Racial equity cannot be ignored when dealing with issues of climate resilience and sustainability. Historically, communities of color have been relegated to the worst parts of a city where flooding occurs, power outages wreak havoc, and extreme heat or cold can cost lives. Sustainability does not exist without justice. It is imperative that leaders of color not only fight for opportunities to help mitigate or prevent some of the impact of climate change, but also fight for justice for people who may not even realize what is truly happening in their communities.
Support the power shift for communities of color.
Although communities of color have been left out of the climate conversation, there are increasingly more leaders across the country working to change that. The power structures that currently exist are rooted in systemic racism—those with wealth, connections, and access to information have the means to act on opportunities that are quickly evolving. Because communities and leaders of color historically have not had that same privilege and leverage, they haven’t been able to reap the benefits in such times. Those who are holding the wealth and power must learn that shifting this dynamic is imperative to growth and prosperity. A movement is happening and we are bold and courageous enough to believe we can transform our communities together.
Take transformative action.
Consider that incremental action is transformative. Remember who you are working for and celebrate the small wins. And pay attention to the choices you are making. Are you choosing to perpetuate injustice or are you disrupting it? If you’re disrupting it, excellent! Keep interrupting the status quo and bias. Seek greater understanding and explore opportunities to change. Be rooted in your purpose and understand why you are there and what you have to let go of in order to do your work. And lastly, decolonize your work. Undo the thinking that there is only one right way to do things.
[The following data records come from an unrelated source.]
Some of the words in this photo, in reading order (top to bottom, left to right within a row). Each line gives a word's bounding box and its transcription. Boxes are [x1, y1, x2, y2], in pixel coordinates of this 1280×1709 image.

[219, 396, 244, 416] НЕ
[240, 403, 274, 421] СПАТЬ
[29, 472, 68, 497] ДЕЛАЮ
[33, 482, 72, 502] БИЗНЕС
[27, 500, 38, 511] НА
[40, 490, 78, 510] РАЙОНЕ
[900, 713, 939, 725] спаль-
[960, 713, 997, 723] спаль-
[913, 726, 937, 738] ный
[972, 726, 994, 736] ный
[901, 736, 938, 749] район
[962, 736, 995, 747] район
This is all heavy and hard work. Despite the heaviness, all of the PRC participants and staff left this event feeling recharged and inspired to continue building resilient communities that are equitable and transformative. With new peers to call on and best practices in our back pockets, we can continue to make positive changes that benefit all residents of our communities
Not Backing Down
By Senior Program Officer Jaime Love
As a Senior Program Officer and the newest member of the ISC team, I wasn’t completely sure what to expect when attending my first peer learning event. Throughout my first six weeks at ISC, I was fully immersed in the planning process for the event, from identifying speakers to helping select the menu. I was crafting an environment for an unfamiliar project and a set of partners who I had yet to meet. Honestly, I was worried. I was worried that the vision I had was going to be too bold for what people expected.
In reality, the event was even better than I had dreamed! There was a bold call to action around racial equity in the climate economy and leadership around this work. Just as I imagined, the presenters did not back down from sharing their truths and pushing the partners to continue being strong leaders of color—to not back down from what their communities need in order to confront policies and practices steeped in systemic racism.
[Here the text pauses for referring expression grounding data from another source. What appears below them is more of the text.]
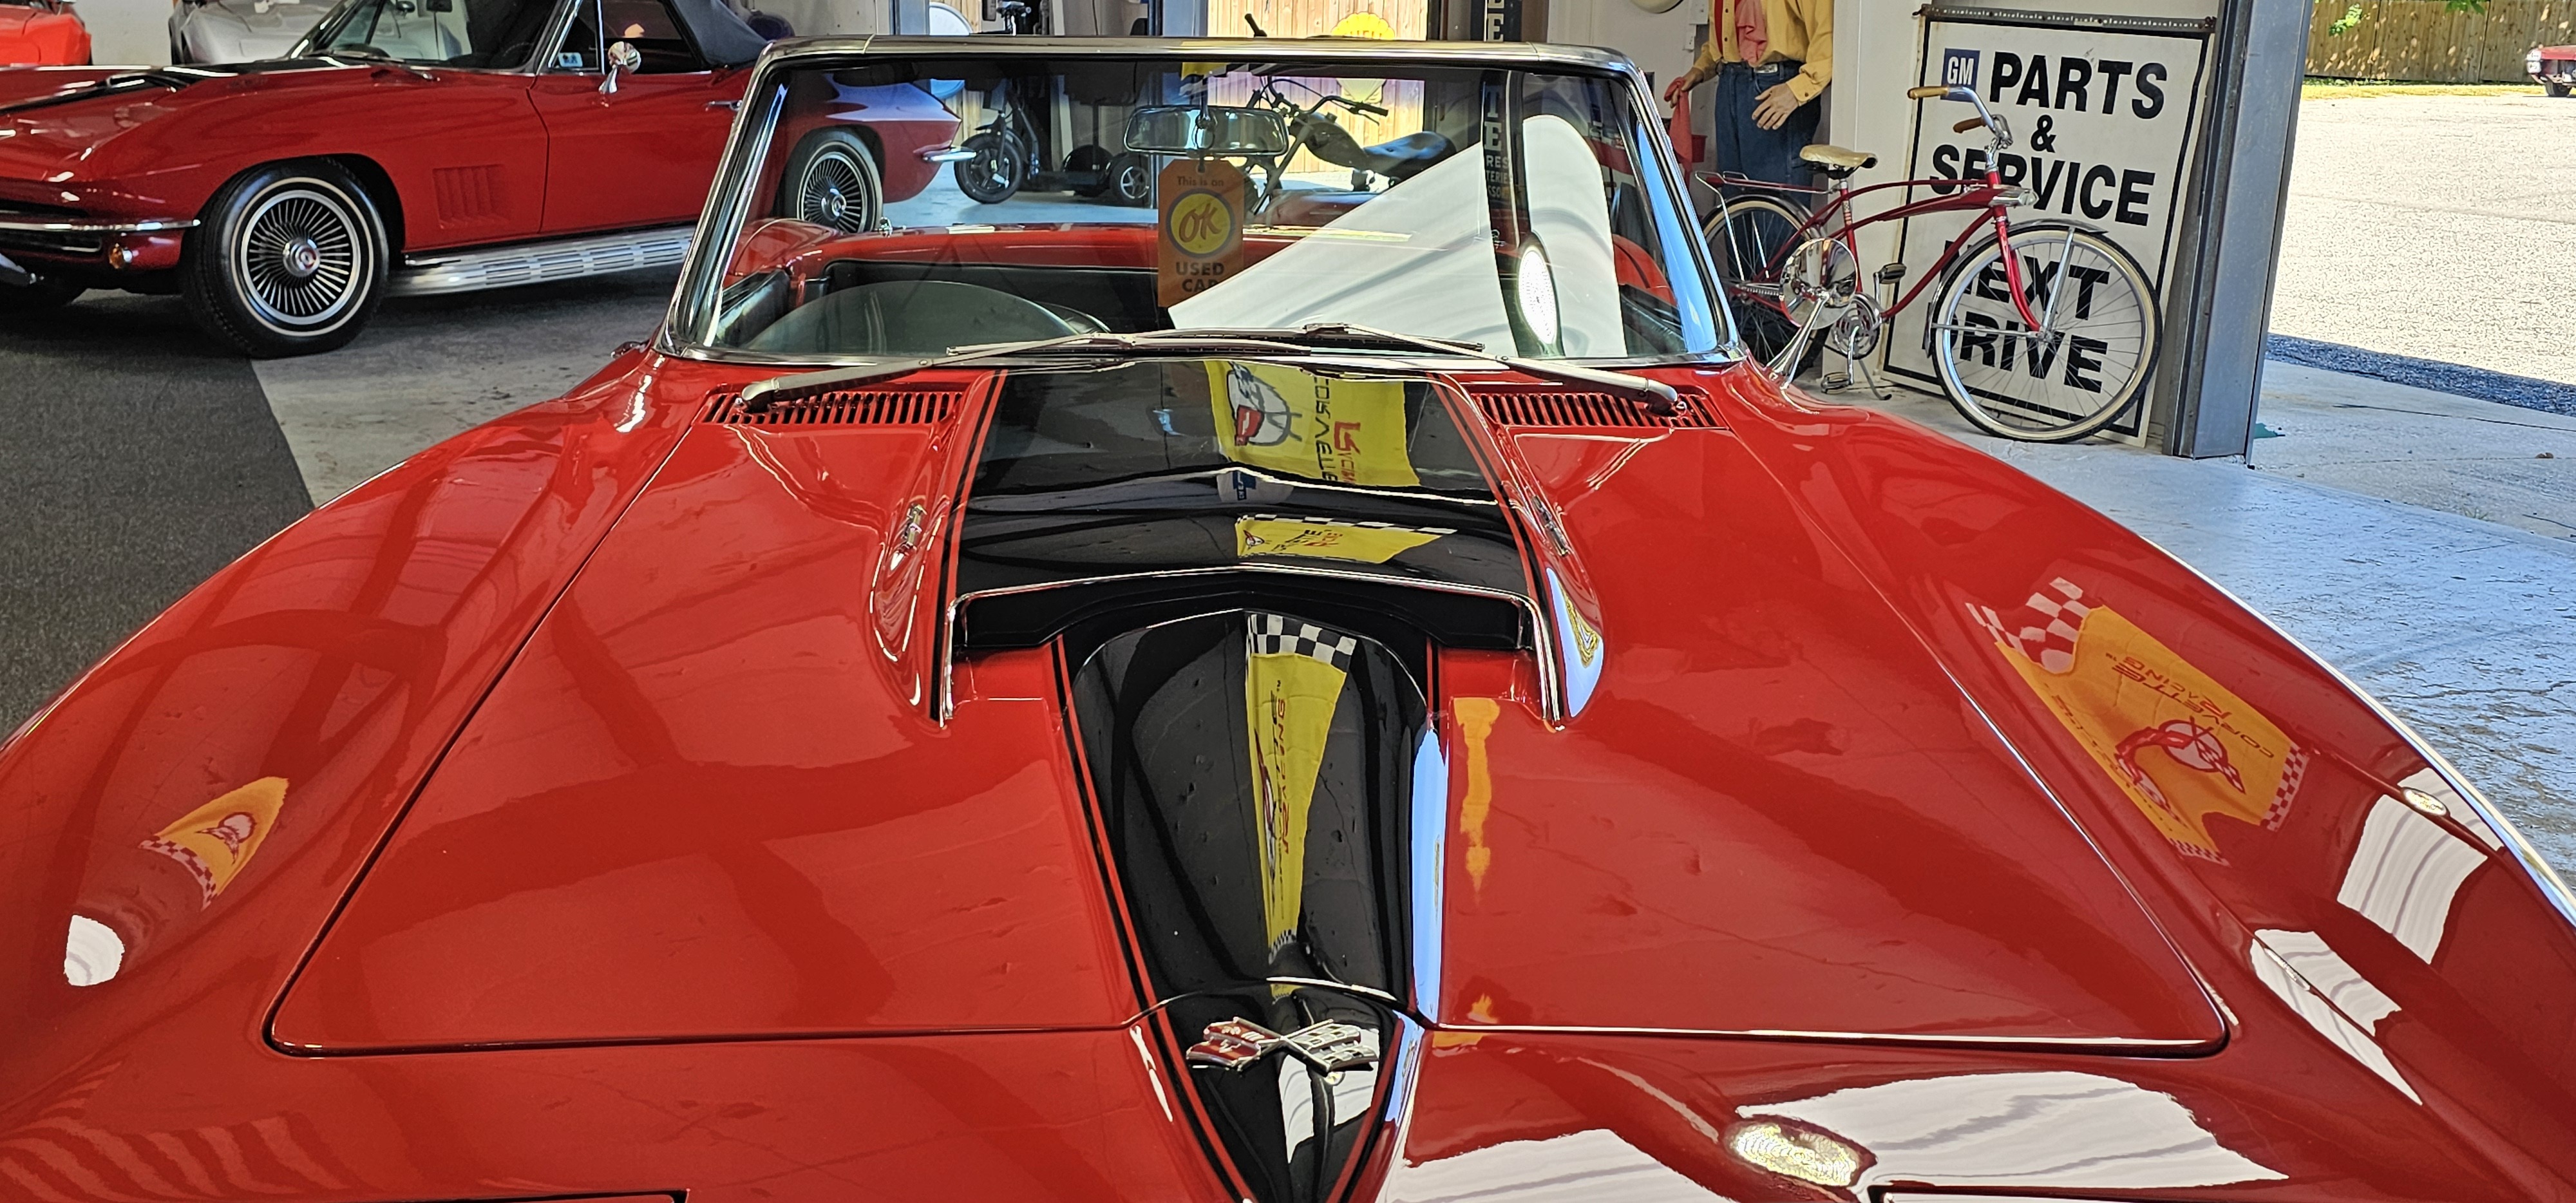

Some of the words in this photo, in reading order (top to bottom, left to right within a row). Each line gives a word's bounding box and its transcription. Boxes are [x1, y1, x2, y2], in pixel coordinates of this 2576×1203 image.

[1947, 56, 1975, 86] GM
[1989, 52, 2167, 120] PARTS
[2031, 115, 2056, 153] &
[1177, 176, 1197, 186] This
[1200, 177, 1208, 186] is
[1179, 203, 1222, 243] OK
[1176, 261, 1225, 276] USED
What surprised me even more, however, was how welcome and needed those messages were. I heard from one person after another about how much they loved and appreciated the open and honest space, how they received really useful information and connected with others, and how much they valued racial equity being at the center of the discussion. This dialogue was needed and the partners are hungry for more.
I’m grateful to have come to ISC at a time when change is happening and the projects I’m working on, like the PRC, are all about creating change and opportunity in communities that have been historically neglected by those in power positions and negatively impacted by climate change. I look forward to the continued growth of the PRC and opportunity to support those working on the frontlines to make their communities more resilient.